WORK ITEM:
The whole of the data must be transcribed exactly.

INFORMATION SUPPLIED:
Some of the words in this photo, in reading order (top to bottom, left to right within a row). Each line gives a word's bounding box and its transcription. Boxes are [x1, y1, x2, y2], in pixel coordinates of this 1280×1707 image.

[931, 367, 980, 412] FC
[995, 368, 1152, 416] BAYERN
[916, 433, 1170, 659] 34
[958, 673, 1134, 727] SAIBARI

FINISHED EXERCISE:
Some of the words in this photo, in reading order (top to bottom, left to right within a row). Each line gives a word's bounding box and its transcription. Boxes are [x1, y1, x2, y2], in pixel coordinates of this 1280×1707 image.

[931, 367, 980, 412] FC
[995, 368, 1152, 416] BAYERN
[916, 433, 1170, 659] 34
[958, 673, 1134, 727] SAIBARI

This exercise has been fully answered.